Kilkivan was first inhabited by the Wakka Wakka tribe of the Australian Aboriginal peoples. The town was first settled by Europeans in the 1840s. Queensland’s first gold discovery was at Kilkivan in 1852 and subsequent findings escalated into a gold rush in the 1860s. The town was named for a pastoral run owned by pastoralist John Daniel MacTaggart (1823–1871) after his father's farm name near Drumlemble, Kintyre, Scotland. The nearby Australian 'Glenbarr' property owned by MacTaggart was also named for a nearby Scottish farm.

Kilkivan Post Office opened on 8 June 1868. It was known as Neureum between 1876 and 1881.

Kilkivan State School opened in March 1876.

In 1883, a court house, police quarters and lock-up was built at a total cost of £748 10s. It was a wooden building with an iron roof and consisted of the court house, two bedrooms, sitting room, kitchen, verandahs, and two cells.

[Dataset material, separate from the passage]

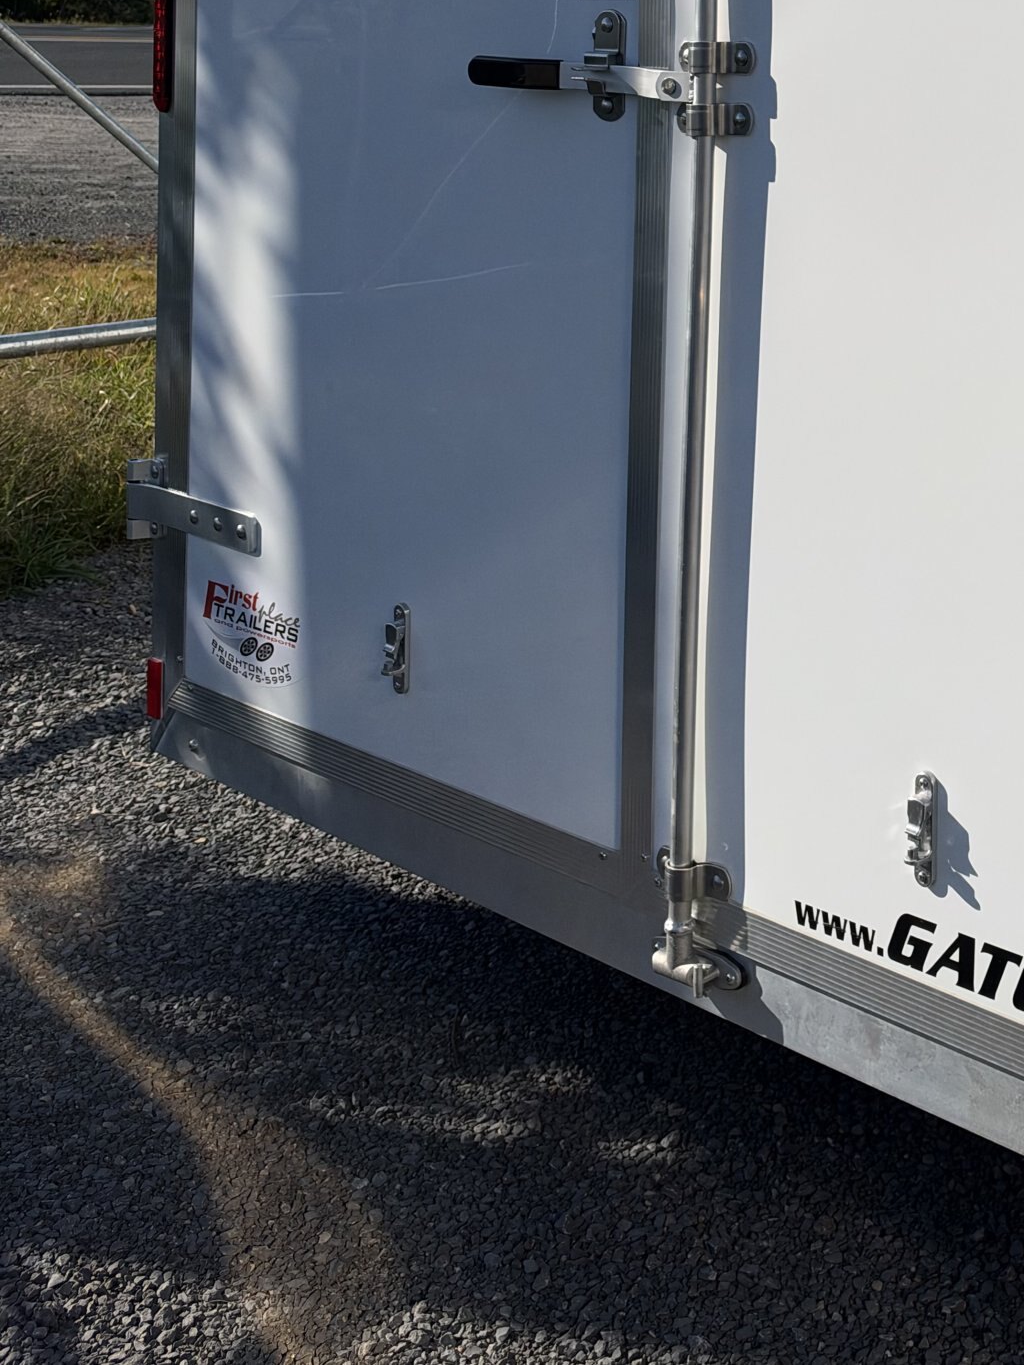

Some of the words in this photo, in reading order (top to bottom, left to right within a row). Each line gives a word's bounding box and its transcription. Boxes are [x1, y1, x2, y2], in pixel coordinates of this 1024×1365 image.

The Nanango railway line opened in December 1886 as far as Kilkivan. The locality was served by three railway stations:

- Bular railway station
- Mouingba railway station
- Kilkivan railway station

Anticipation of the line opening brought an increase in the desire to build near the station, which was located on a goldfield. The line was officially closed in early 2010.

In 1887, two parcels of land were resumed from the Kilkivan pastoral run: one of 6900 acres (described as "Murray's debatable land") and the other 32000 acres. The land was offered for selection for the establishment of small farms on 17 April 1887.

St Matthew's Anglican Church was dedicated in 1888 by Reverend E. C. Osbourne of Gympie. Its closure circa 2013 was approved by Bishop Rob Nolan.

Fairfield State School opened circa 1915. In 1916 it was renamed Rossmore State School. It was closed circa 1943.

The Kilkivan Library opened in 1967.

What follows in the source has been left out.